Stored records

*** Begin section ***

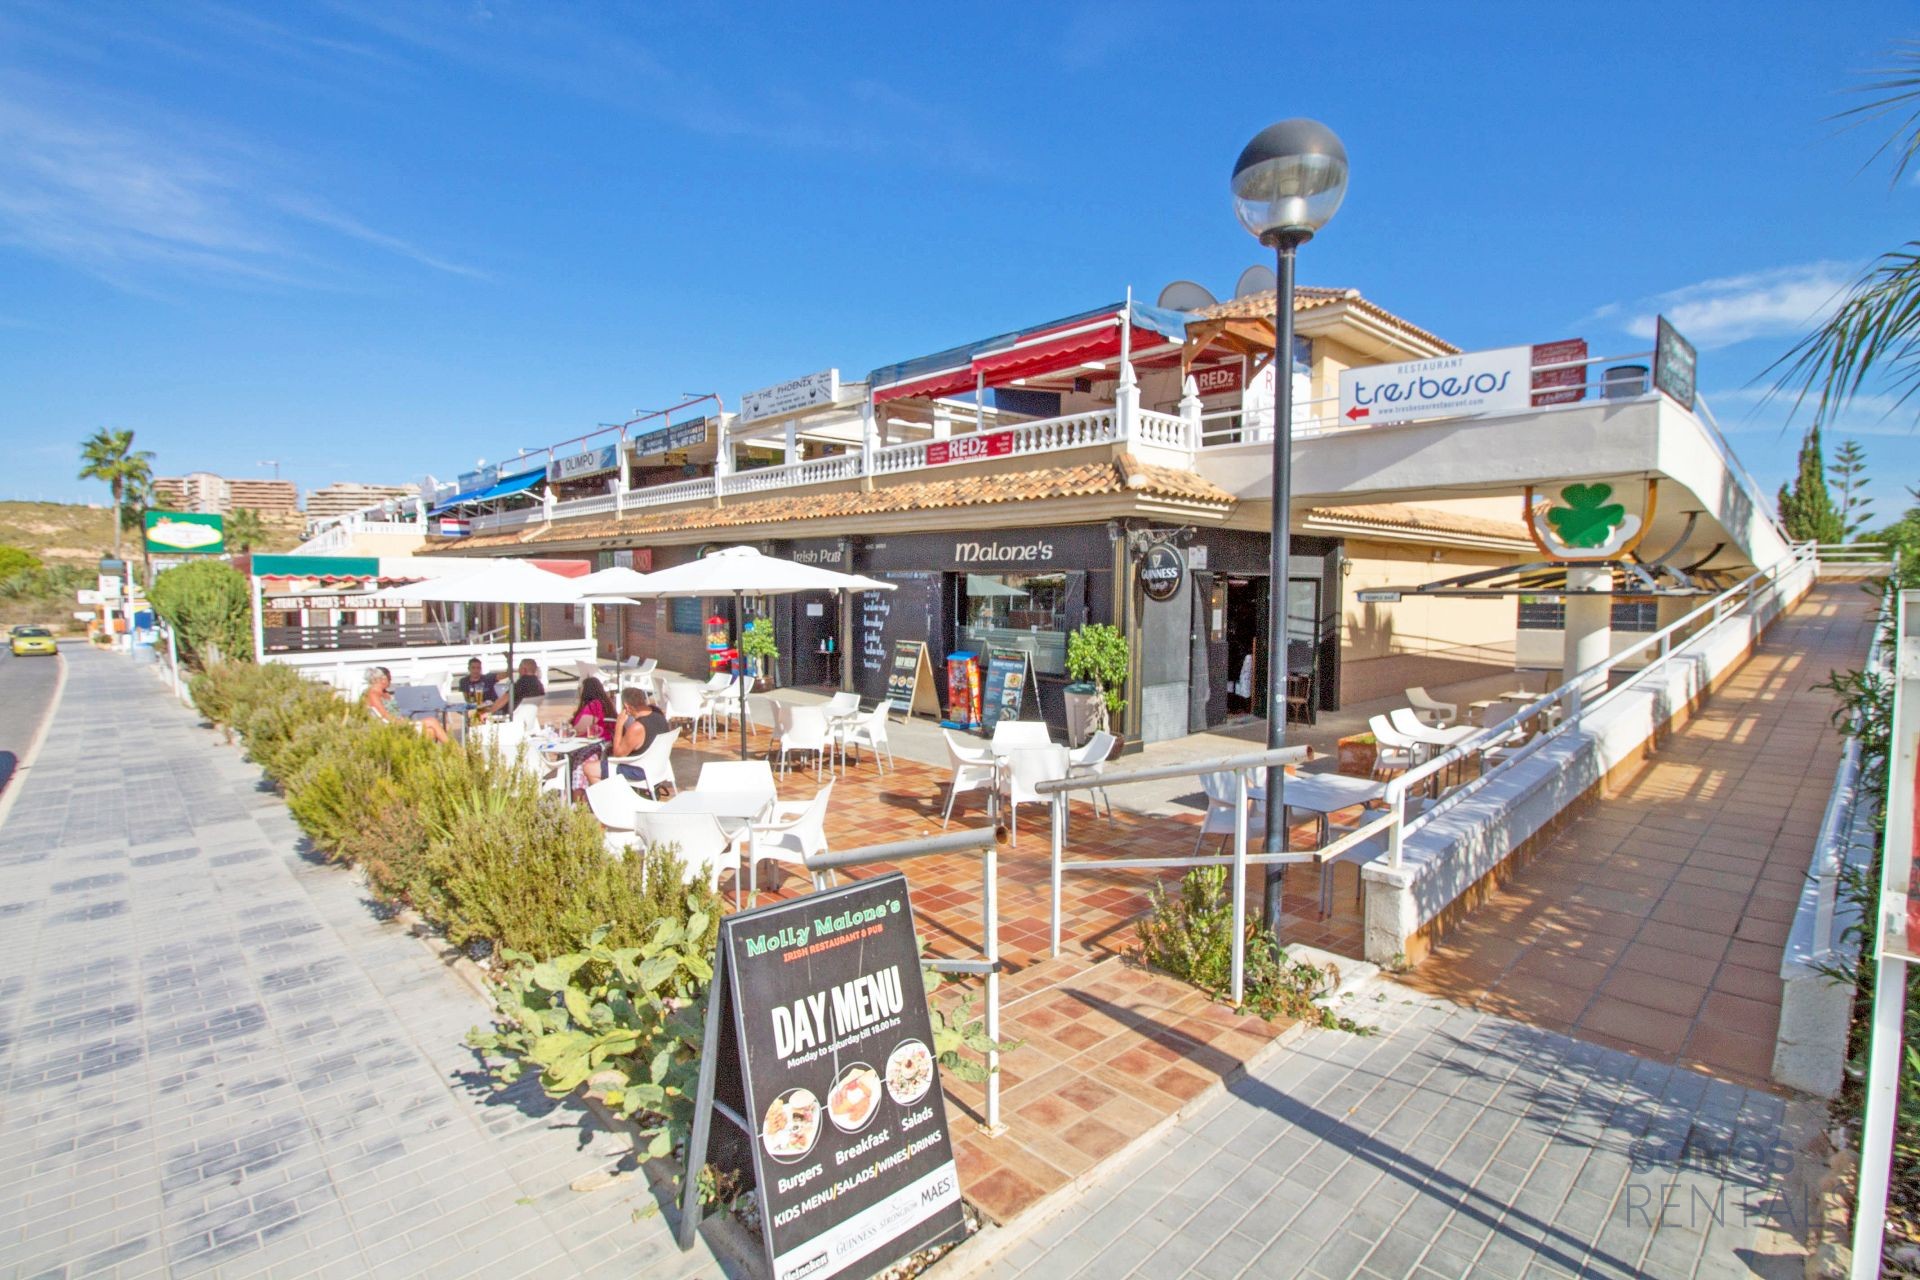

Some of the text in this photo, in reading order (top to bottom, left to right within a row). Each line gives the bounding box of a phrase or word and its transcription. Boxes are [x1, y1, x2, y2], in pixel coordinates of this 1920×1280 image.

[1397, 358, 1463, 375] RESTAURANT
[758, 390, 772, 400] THE
[777, 378, 813, 394] PHOENIX
[1355, 370, 1511, 406] tresbesos
[1378, 398, 1484, 415] www.tresbesosrestaurant.com
[565, 453, 594, 471] OLIMPO
[793, 549, 818, 563] Irish
[955, 540, 1054, 562] Malone's
[1141, 567, 1178, 580] GUINNESS
[745, 899, 901, 958] Molly Malone's
[783, 947, 809, 963] IRISH
[809, 932, 862, 955] RESTAURANT
[868, 923, 884, 936] PUB
[771, 965, 904, 1060] DAY MENU
[787, 1049, 818, 1069] Monday
[818, 1046, 827, 1057] to
[860, 1026, 871, 1040] till
[901, 1106, 934, 1132] Salads
[835, 1128, 891, 1166] Breakfast
[777, 1163, 824, 1194] Burgers
[920, 1177, 951, 1208] MAES
[774, 1205, 801, 1228] KIDS
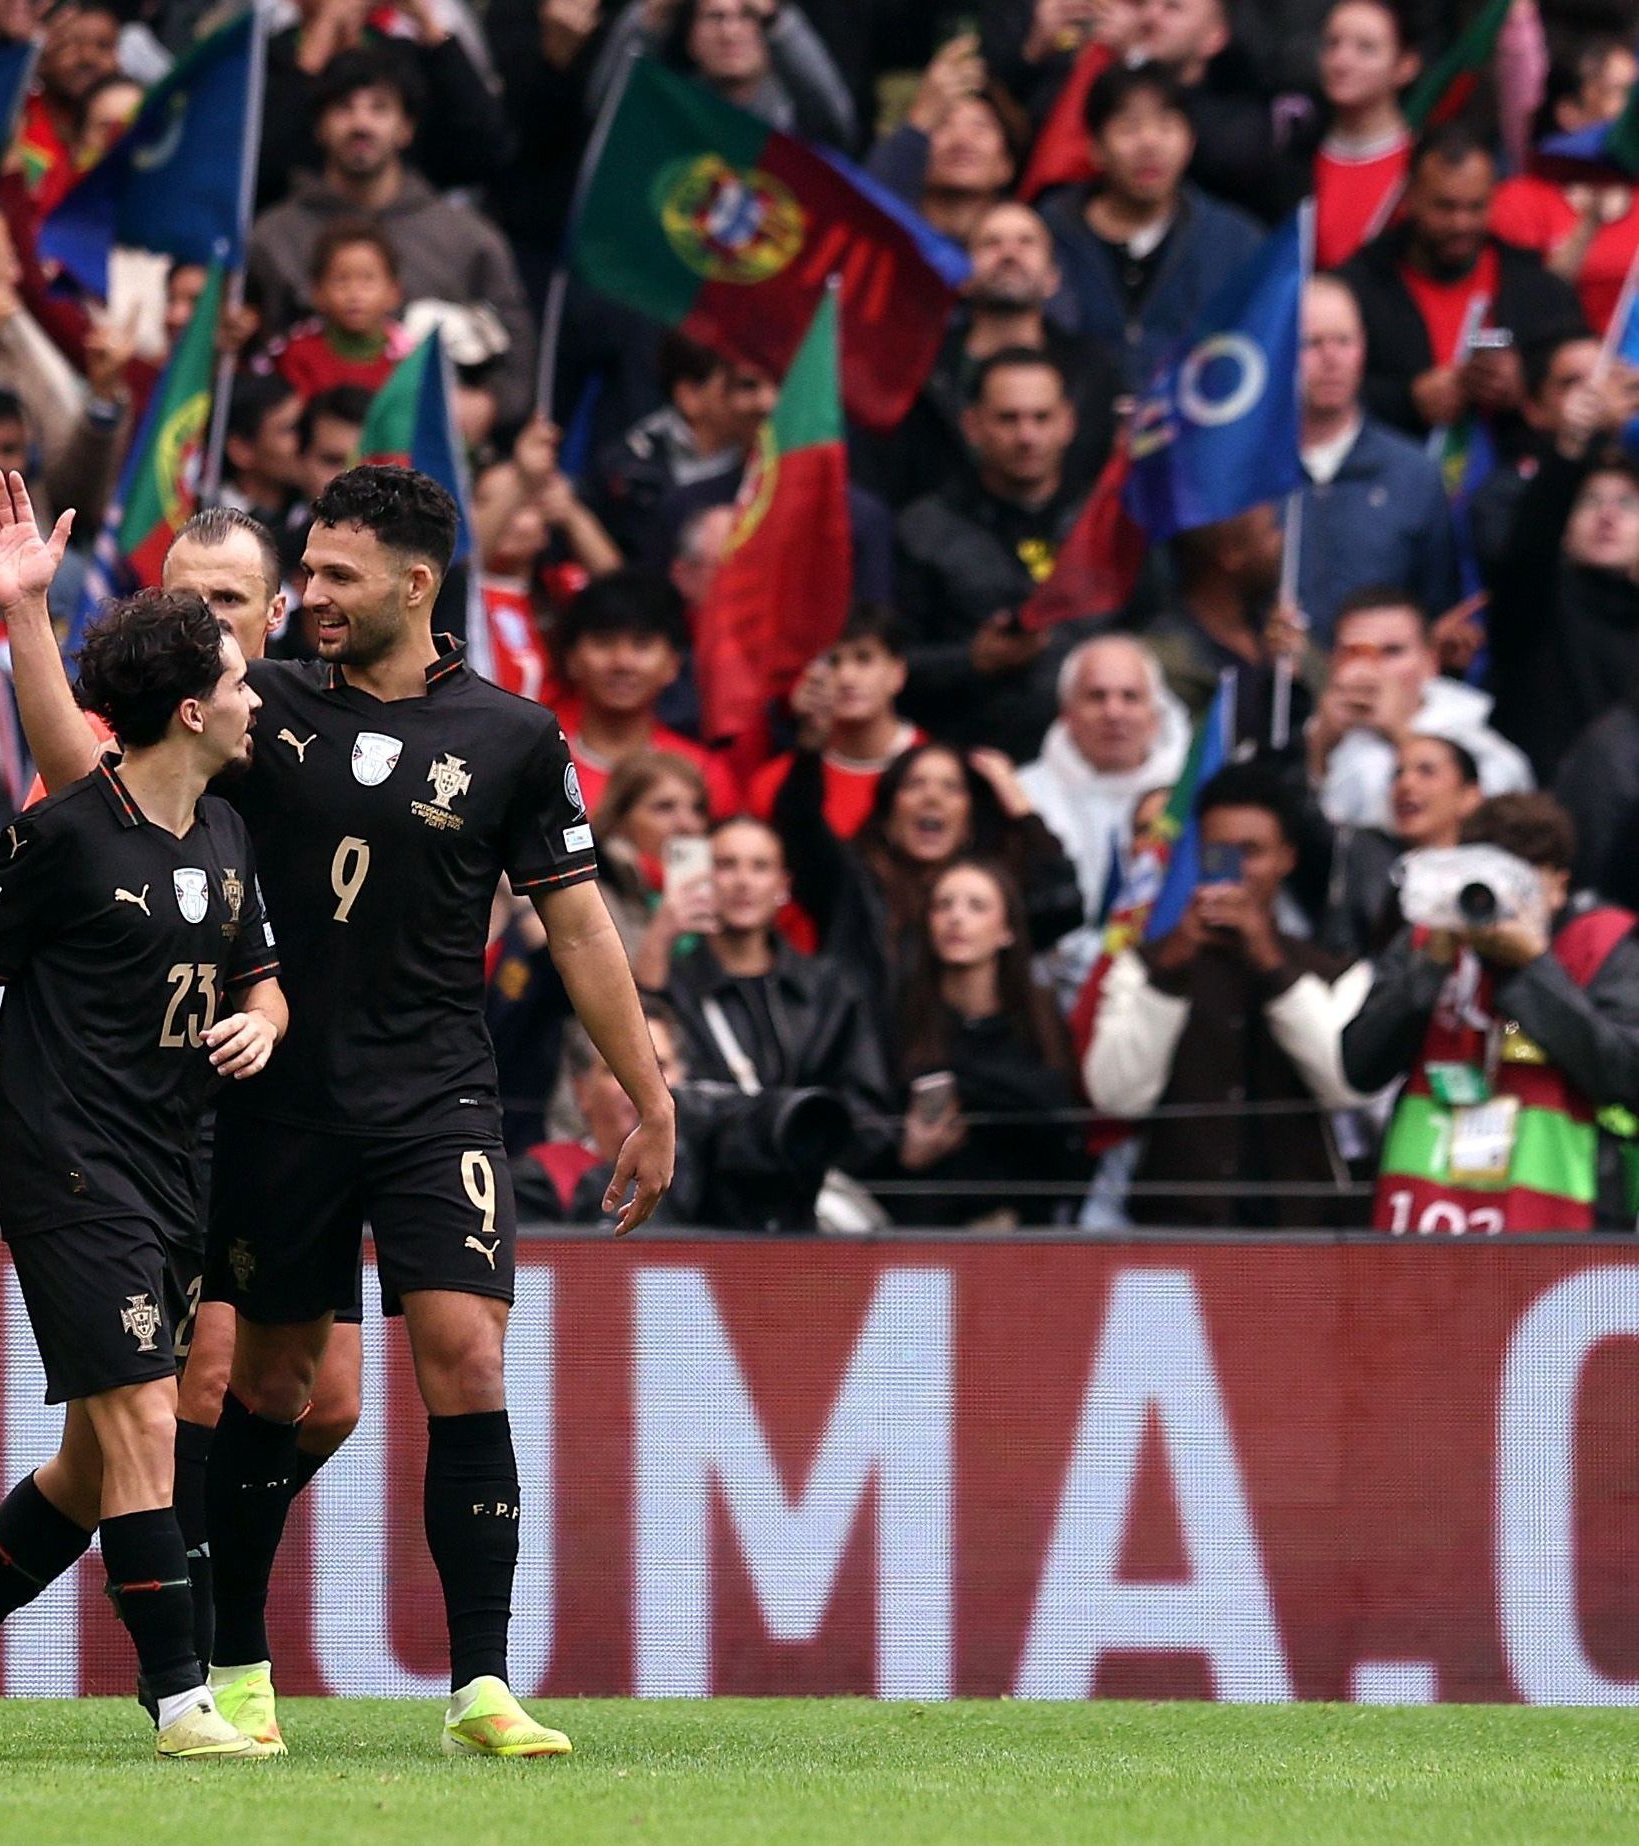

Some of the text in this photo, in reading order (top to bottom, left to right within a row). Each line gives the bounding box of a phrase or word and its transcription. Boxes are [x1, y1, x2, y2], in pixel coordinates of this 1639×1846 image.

[331, 836, 370, 923] 9
[159, 963, 217, 1048] 23
[461, 1151, 496, 1232] 9
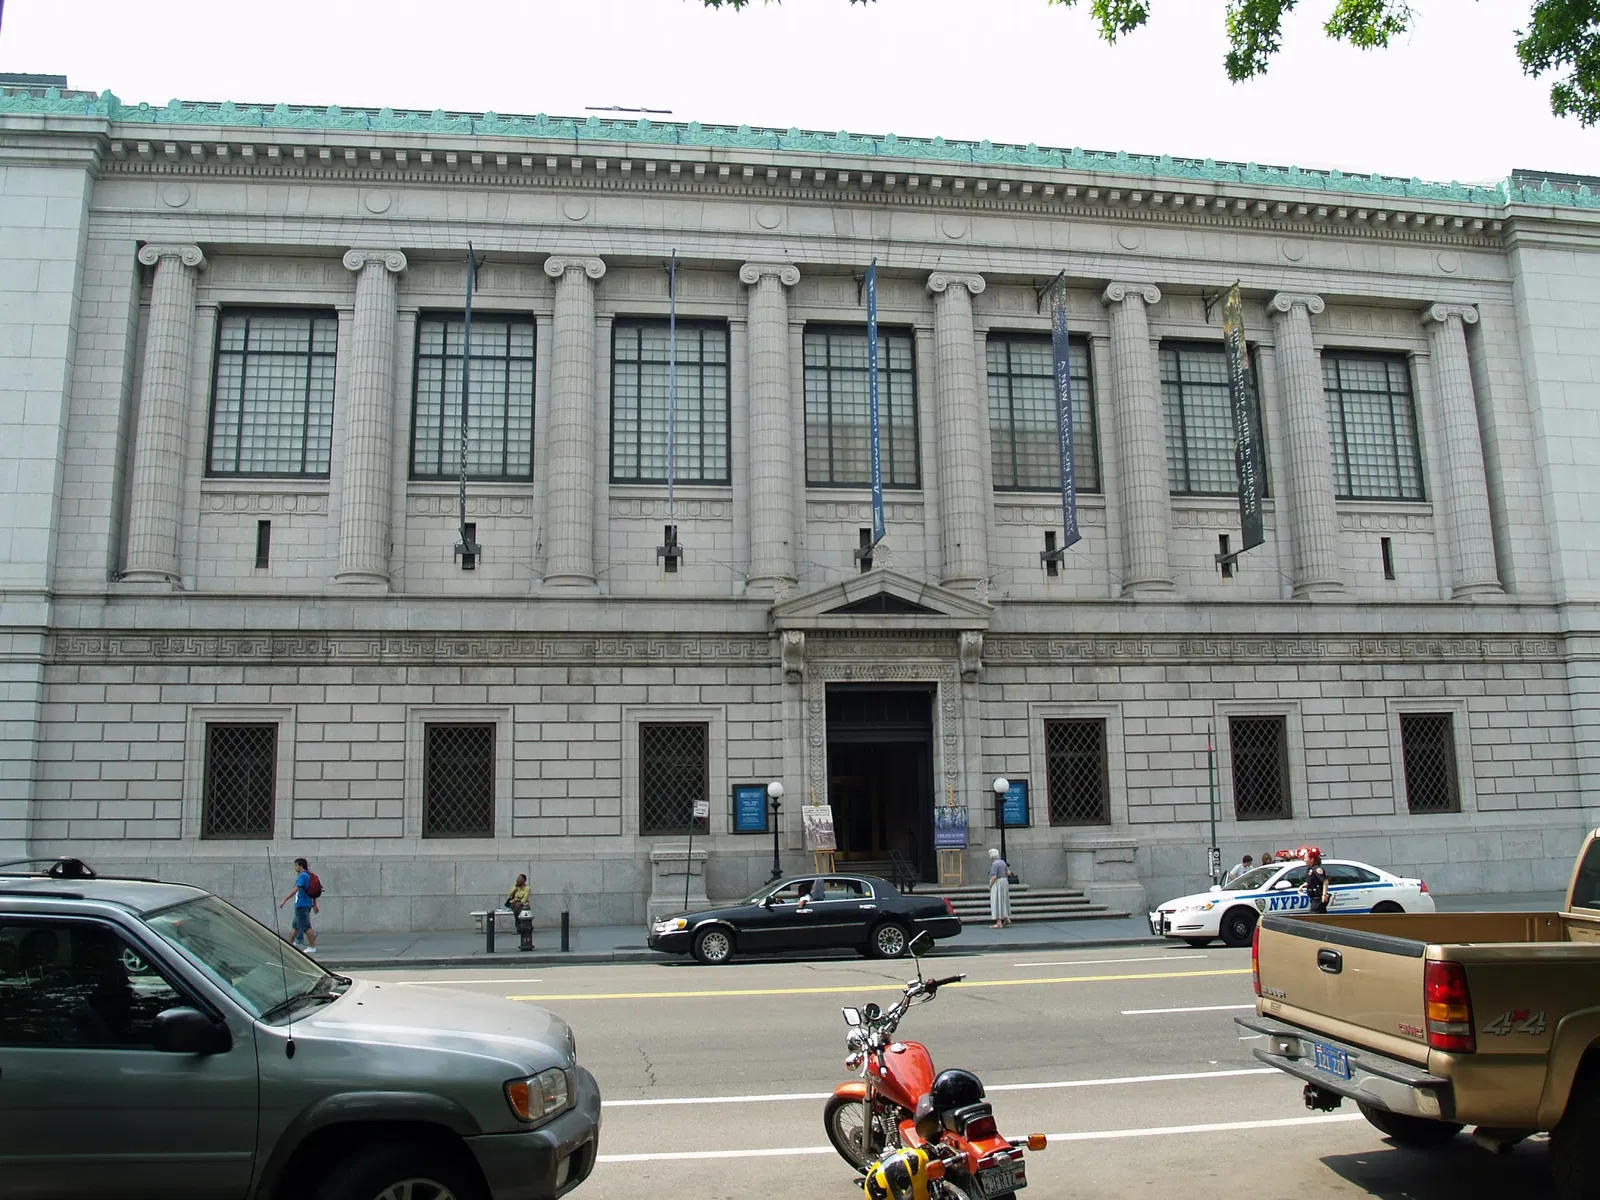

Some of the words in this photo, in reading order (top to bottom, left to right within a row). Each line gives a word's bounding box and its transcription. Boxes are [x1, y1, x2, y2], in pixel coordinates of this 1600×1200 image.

*** End section ***

Reproduce only the lines from the line that holds "this 1639×1846 image." through the end of the records, exactly as they stand, both ends included and pictures excluded.

Some of the text in this photo, in reading order (top to bottom, left to right within a row). Each line gives the bounding box of a phrase or word and its transcription. Boxes are [x1, y1, x2, y2], in pixel coordinates of this 1639×1846 image.

[331, 836, 370, 923] 9
[159, 963, 217, 1048] 23
[461, 1151, 496, 1232] 9

Some of the words in this photo, in reading order (top to bottom, left to right within a row). Each line gives a word's bounding box and its transcription. Boxes are [x1, y1, x2, y2], in pixel coordinates of this 1600×1200 image.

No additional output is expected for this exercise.